Coping with the death of a family pet
This article contains: health petplan advice

It can be difficult to come to terms with the loss of a pet. We grow close to our pets, sharing a special bond with them – they are not just a cat or a dog, but a valued and much loved member of the family.

It’s important to grieve for your pet and approach this difficult period in a way that gives you the best chance to come to terms with your loss.

Petplan looks at some of the tried and trusted ways to ensure you are able to deal with this difficult time…

Everyone grieves differently

It’s important to remember that everyone grieves in their own way and in their own time.
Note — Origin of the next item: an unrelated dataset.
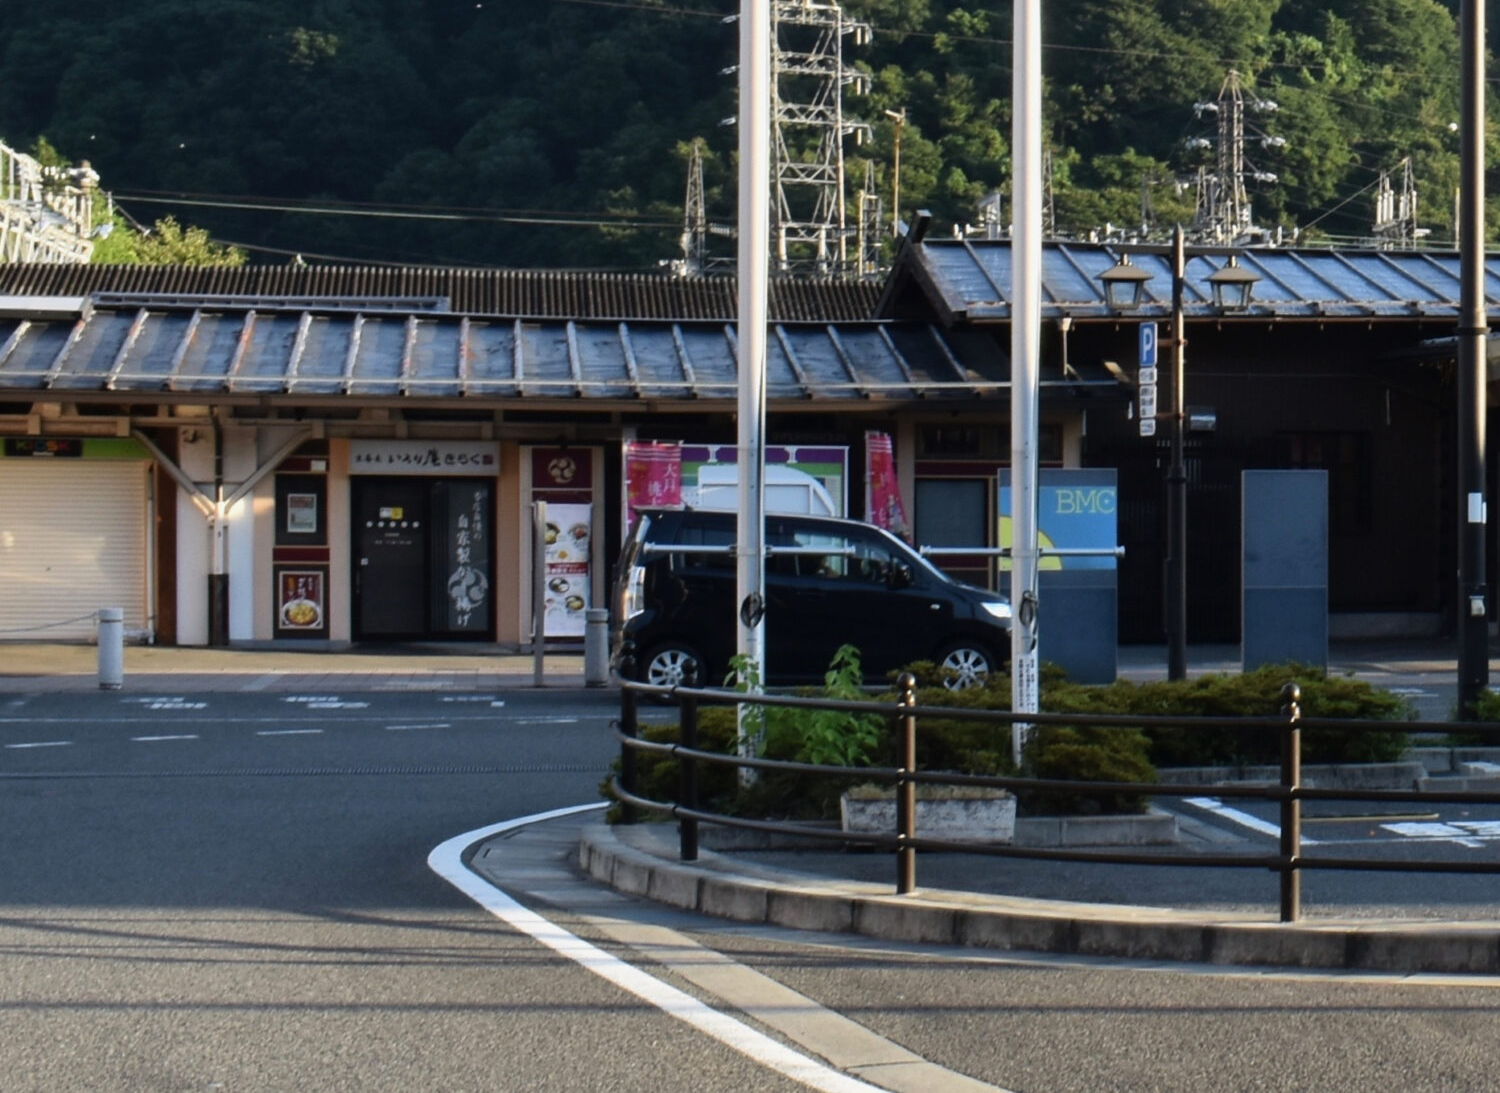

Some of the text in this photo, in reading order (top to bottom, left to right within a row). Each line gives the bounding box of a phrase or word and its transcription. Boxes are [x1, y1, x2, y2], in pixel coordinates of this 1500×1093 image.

Some people will gradually come to terms with their loss on their own in a few weeks or months, but for others it can be a longer and more difficult process, so be patient.

A mixture of emotions is understandable and it is perfectly normal to feel sad, lonely or even frightened. It’s always best to show these emotions and avoid trying to ignore or hide them, keeping them bottled can make it harder in the long run.
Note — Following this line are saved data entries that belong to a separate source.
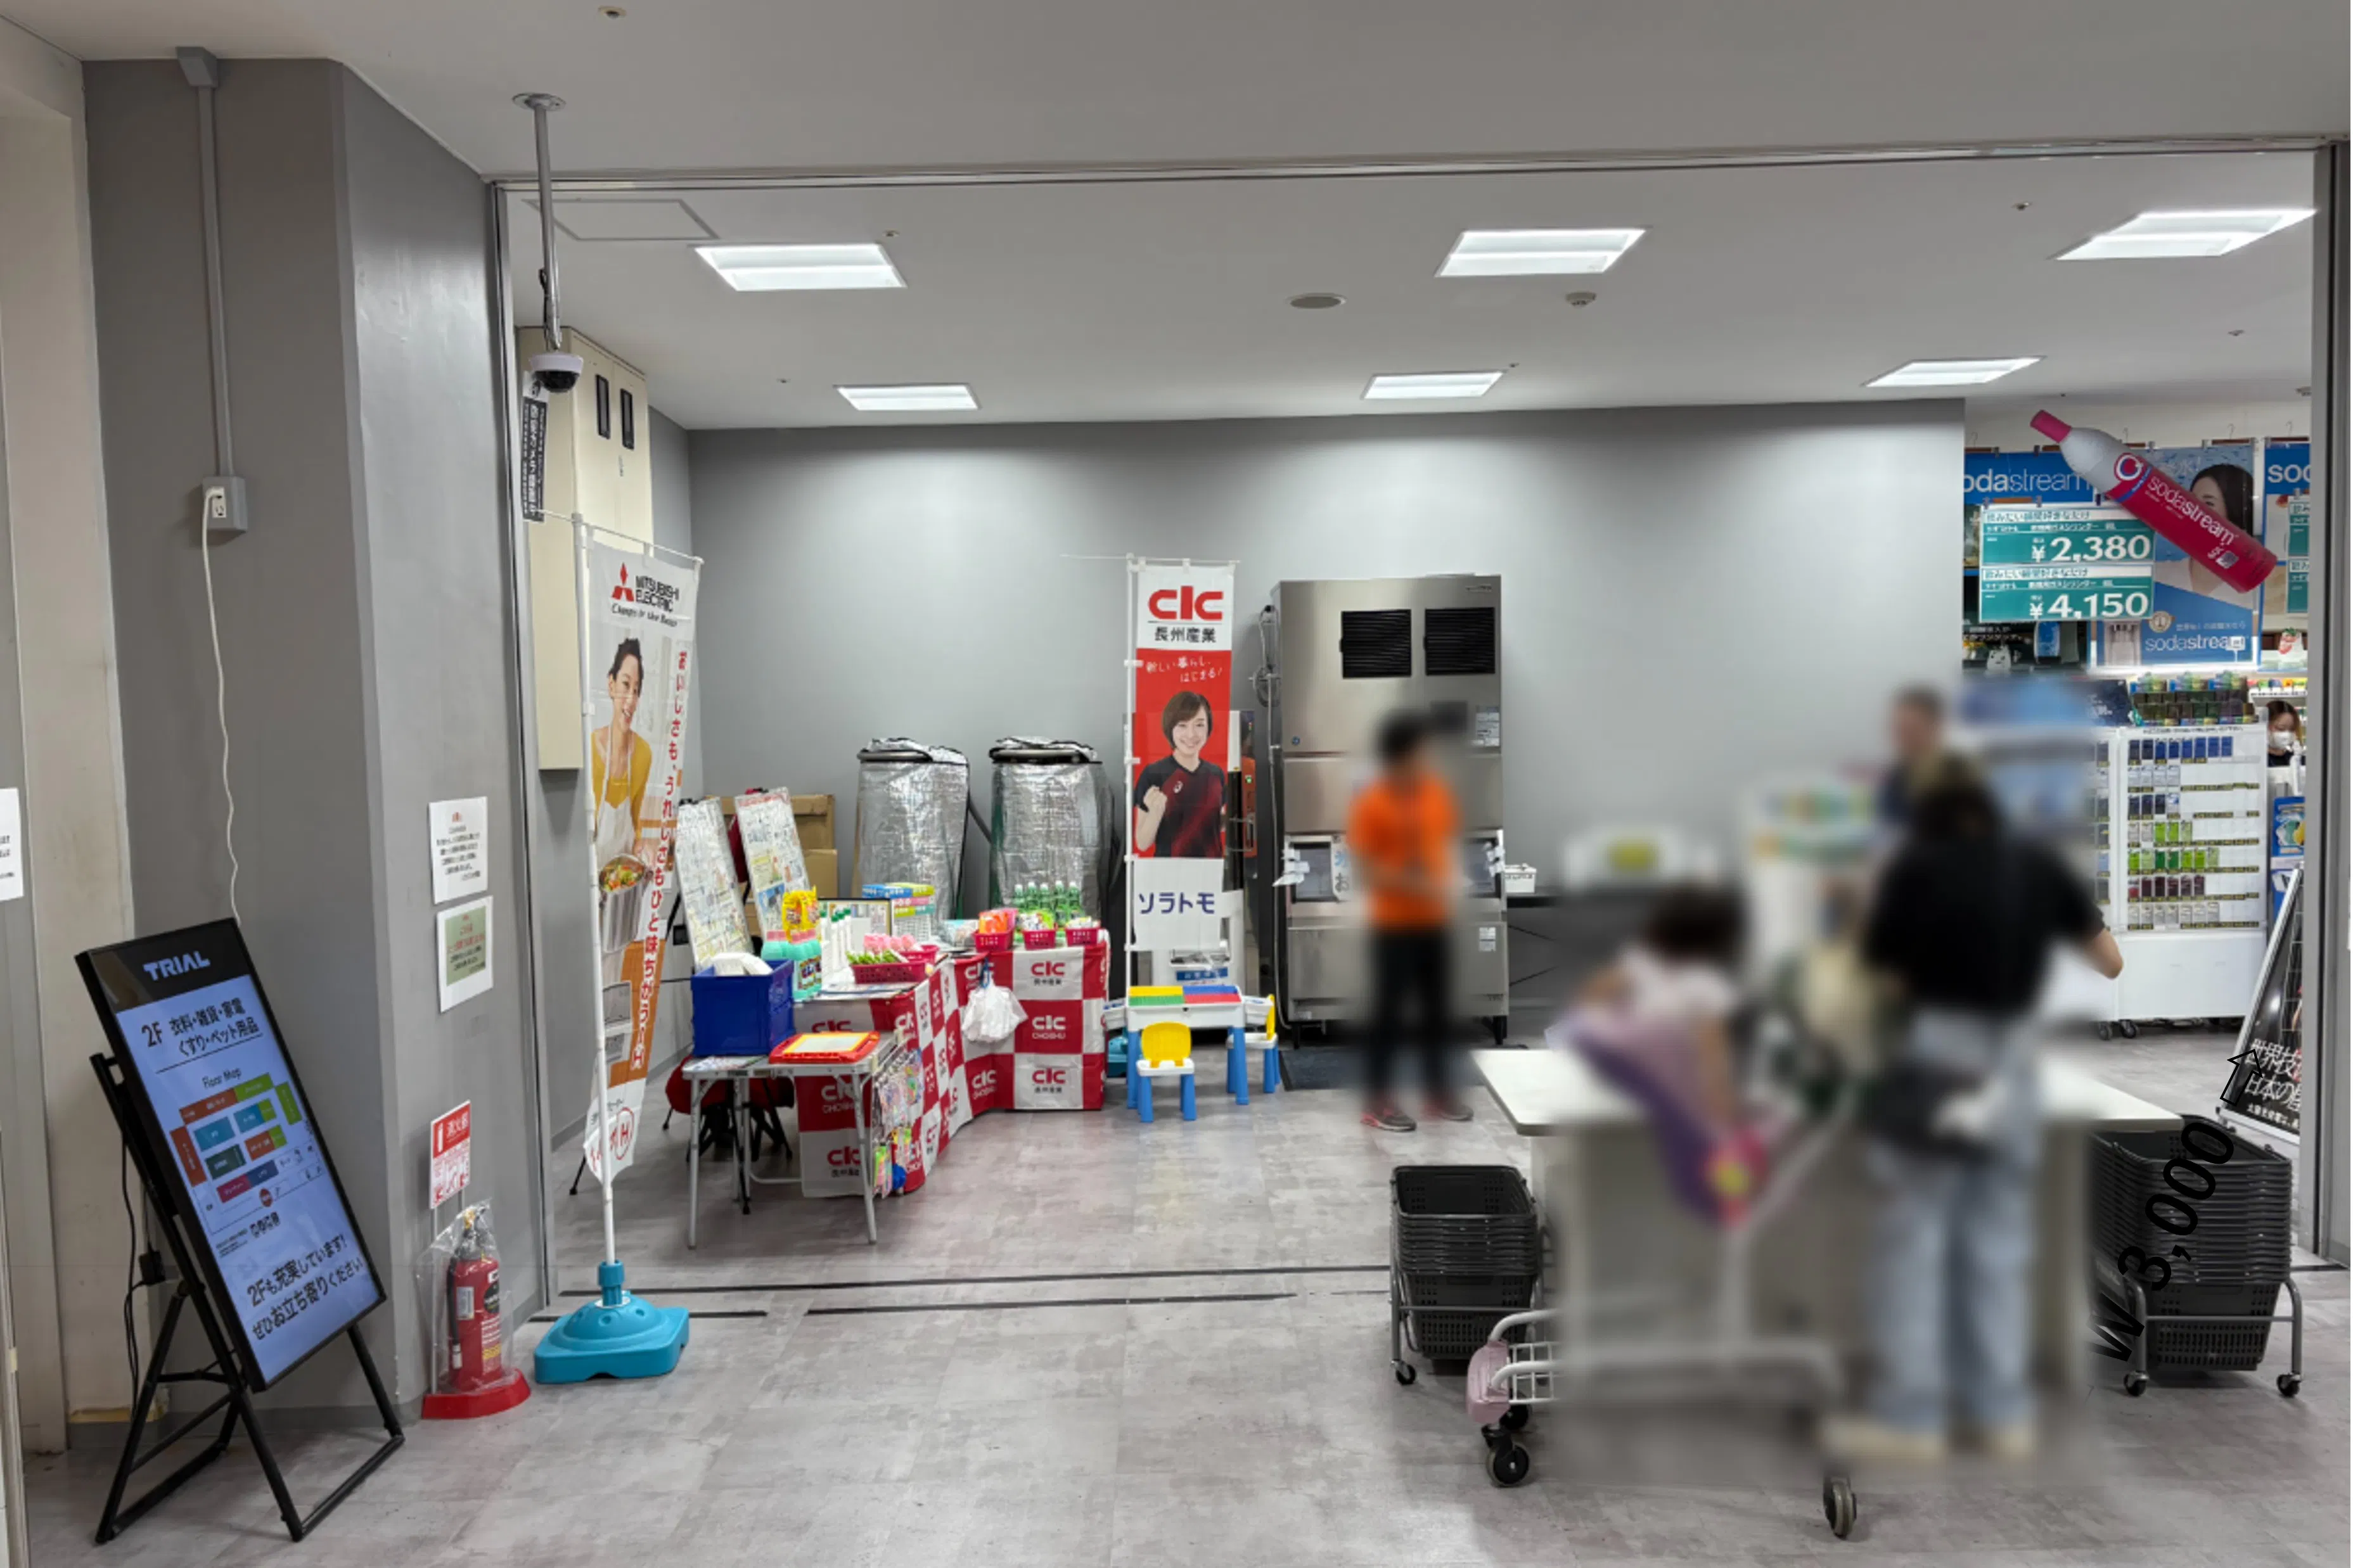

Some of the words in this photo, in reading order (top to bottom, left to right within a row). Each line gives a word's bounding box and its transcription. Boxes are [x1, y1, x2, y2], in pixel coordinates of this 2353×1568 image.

[2147, 476, 2235, 545] sodastream
[635, 575, 679, 601] MITSUBISHI
[635, 589, 674, 613] ELECTRIC
[1155, 627, 1216, 642] 長州産業
[2145, 634, 2232, 651] sodastrea
[1139, 892, 1215, 914] ソラトモ
[143, 950, 210, 982] TRIAL
[141, 1021, 162, 1047] 2F
[178, 1016, 260, 1057] くすり・ペット用品
[251, 1257, 364, 1340] ぜひお立ち寄りください
Here are some suggestions on how to process grief:

  • Don’t let others control your emotions. Your grief is your own and you can express it in a way which
    helps you. It’s also ok to feel moments of joy during this time and you will move on fully when you are ready.
  • Reach out to others who can help. Speak to friends or relatives who have experienced losing a pet, or try using a support group. Professional help is also available from bereavement councillors.
  • Hold a funeral or memorial service. This can help provide a time to bring the family together to grieve, express feelings and bring closure.
  • Create a memorial. Putting together a photo album or having a drawing created to keep their memory alive in your home can help you to always remember them whilst moving on.
  • Look after yourself and try to maintain your normal routine as much as possible. Grief can be draining, but it can sometimes be worse to stop your routine as it will be harder to get back into the swing of things when you start to feel better. It also gives you a welcome distraction and help you concentrate on other areas of your life.

Helping a child grieve for a pet

The loss of a pet is often a child’s first experience of death, and it can be a scary and upsetting time for them. It’s normal for a child to look to blame someone or themselves after the death of an animal, but this is a good time to teach them how to cope with these emotions which they will inevitably feel at some point in their life.
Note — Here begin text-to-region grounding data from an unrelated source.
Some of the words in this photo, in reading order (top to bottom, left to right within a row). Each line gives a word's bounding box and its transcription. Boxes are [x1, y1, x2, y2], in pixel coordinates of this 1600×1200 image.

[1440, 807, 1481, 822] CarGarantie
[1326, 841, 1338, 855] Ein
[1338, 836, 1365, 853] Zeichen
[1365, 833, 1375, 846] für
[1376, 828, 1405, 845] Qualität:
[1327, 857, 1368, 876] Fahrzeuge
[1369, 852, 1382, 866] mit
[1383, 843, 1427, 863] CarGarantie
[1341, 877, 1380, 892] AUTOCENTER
Here are some helpful tips to support your child:

  • Allow them to see your grief and to know it’s ok to feel sad. It’s important to make them feel as comfortable as possible with expressing how they are feeling about what has happened.
  • Educate them. Use this time to teach them about the process of dying in a compassionate way so they understand it’s a normal part of life. Reassure them by being open and honest.
  • Involve them as much as possible. Allow them to play a part in any funeral or memorial service you have so they can say goodbye to their pet.
  • Do not rush to replace their pet. A replacement will not help them understand how to process loss, so take some time for them to accept their loss before moving on to a new animal.

Sadly, this is a common stage of life for most pet owners but, by addressing the issues rather than hiding from them, this period can be manageable and a time for sharing in great memories and moments.

If you do need any extra support or advice, then the Blue Cross Pet Bereavement Support Service is available to help you through this difficult time and can be contacted through their website or on 0800 096 6606.

Have you lost a pet? Have you got some advice for someone who has? Let us know in the comments below…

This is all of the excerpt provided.